At the beginning of Saturday night’s faith forum at Rick Warren’s Saddleback Church, Warren announced:
Now what I’ve decided is, to allow for proper comparison, I’m going to ask identical questions to each of these candidates so you can compare apples to apples. Now, Senators Obama is going to go first. We flipped a coin. And we have safely placed Senator McCain in a cone of silence.
When McCain arrived on stage for his portion of the program, the two even joked about it, with McCain saying he had been “trying to hear through the wall.”
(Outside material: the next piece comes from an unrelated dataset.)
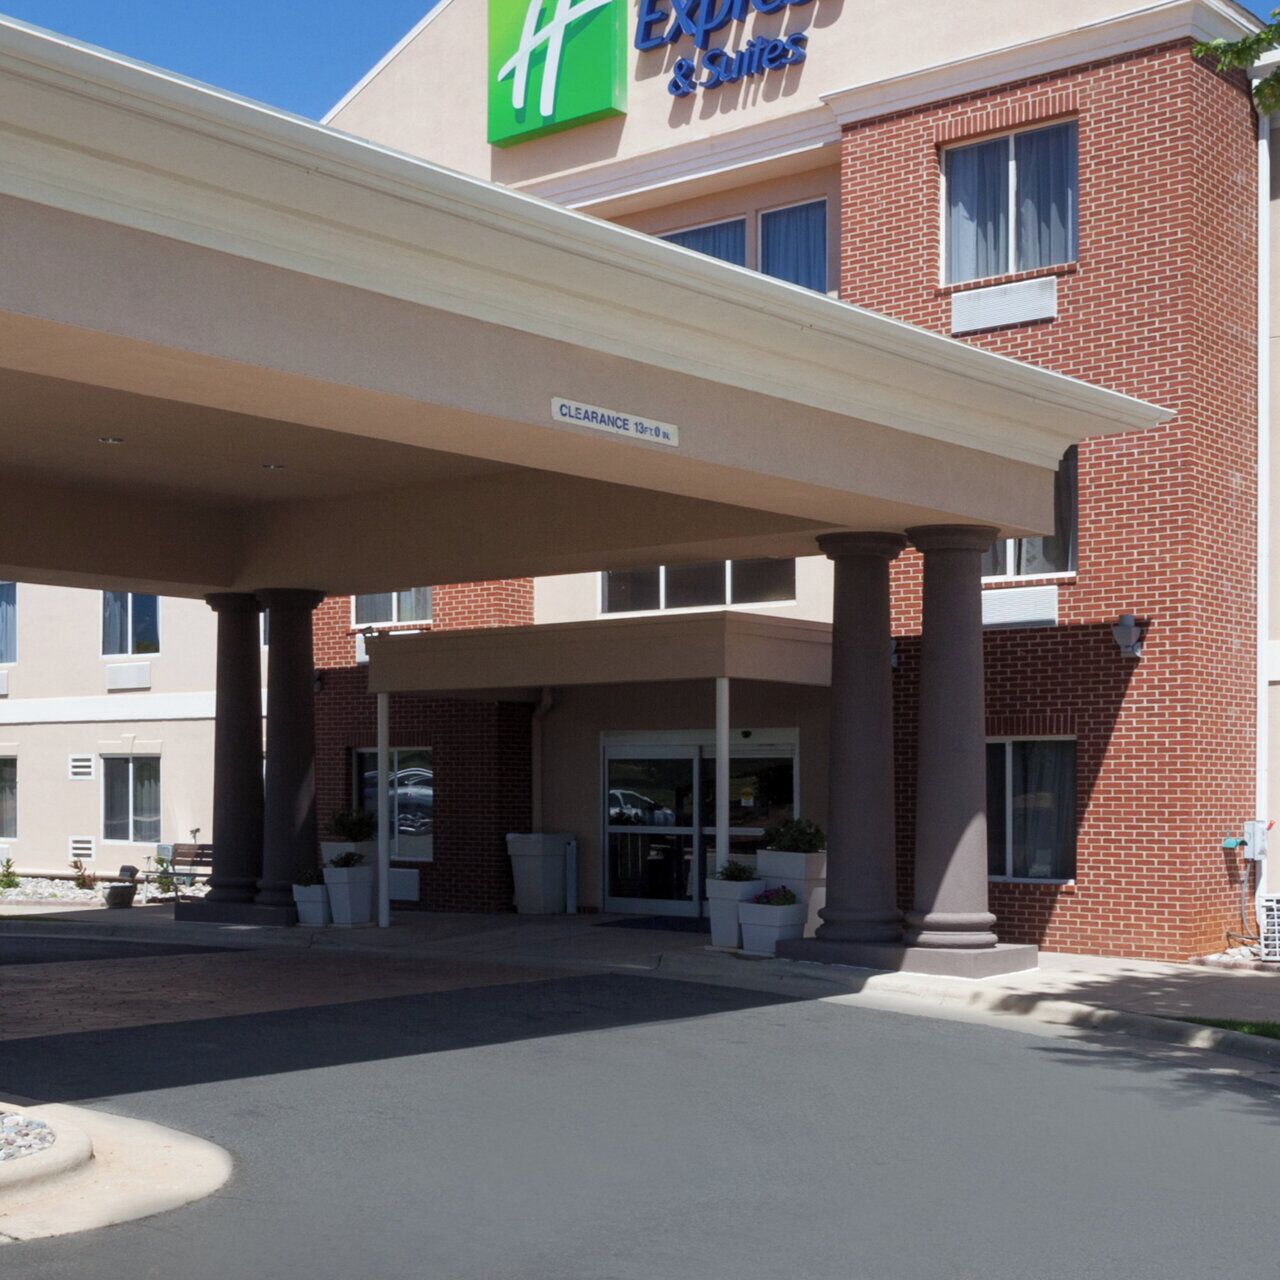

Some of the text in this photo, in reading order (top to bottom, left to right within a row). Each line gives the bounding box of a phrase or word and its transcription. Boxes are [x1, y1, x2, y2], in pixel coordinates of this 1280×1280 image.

Obviously, since both candidates were going to be asked the exact same questions, there would be something of an advantage to the candidate going second, provided there was some way they could hear the questions in advance. Supposedly, that was what the “cone of silence” we meant to prevent. Of course, a “cone of silence” works best if the second candidate is actually in it:
Senator John McCain was not in a “cone of silence” on Saturday night while his rival, Senator Barack Obama, was being interviewed at the Saddleback Church in California.
Members of the McCain campaign staff, who flew here Sunday from California, said Mr. McCain was in his motorcade on the way to the church as Mr. Obama was being interviewed by the Rev. Rick Warren, the author of the best-selling book “The Purpose Driven Life.”
When asked about it, Nicolle Wallace, a spokeswoman for Mr. McCain, responded with incredulity:
“The insinuation from the Obama campaign that John McCain, a former prisoner of war, cheated is outrageous,” Ms. Wallace said.
At the New York Times reports:
The matter is of interest because Mr. McCain, who followed Mr. Obama’s hourlong appearance in the forum, was asked virtually the same questions as Mr. Obama. Mr. McCain’s performance was well received, raising speculation among some viewers, especially supporters of Mr. Obama, that he was not as isolated during the Obama interview as Mr. Warren implied.
Of course, another explanation of why McCain’s answers might have been so smooth is because they were mostly the standard points he makes while on the campaign trail, such as his bogus claim that he opposed torture when asked to provide examples where he had bucked his own party, his vow to track Osama bin Laden to the “gates of hell,” and even going so far as to cite the need for offshore drilling when asked to identify a position on which his views have evolved. Likewise, his answers on questions regarding abortion, marriage and judges were the same as he’s been delivering throughout his campaign and he even trotted out his standard story about a prison guard in Vietnam drawing a cross in the sand – a story which some are now questioning.
And predictably, right-wing leaders are praising McCain for “winning” the forum and saying he has finally “closed the deal with evangelicals”:
Bishop Harry Jackson, Sr., Pastor of Hope Christian Church in Washington, D.C. and author of “The Black Contract with America on Moral Values,” added, “I think that Senator McCain closed the deal. I think he made a clear contract between himself and Barack Obama. Many evangelicals will vote for him.”
…
Bishop Jackson also chose McCain as the clear winner, “He got energy, he got obviously many more applauses from the people in the room...But, I say this with a caveat. I think he won – if he can continue with the kind of fervor and integration of issues and faith, I think that he may be on to a new high in his campaign. If he retreats to a place of not wanting to talk anymore about these kinds of things, I think it will not help him. So, tremendous win tonight. I think it's a new chapter. I hope it continues.”
All of which raises the question: McCain didn’t say anything at the faith forum that he has not said repeatedly on the campaign trail and yet right-wing leaders and activists have been notoriously reluctant to support him, so why was simply repeating them in an event held in a church all that it took for him to finally “close the deal” with the Religious Right?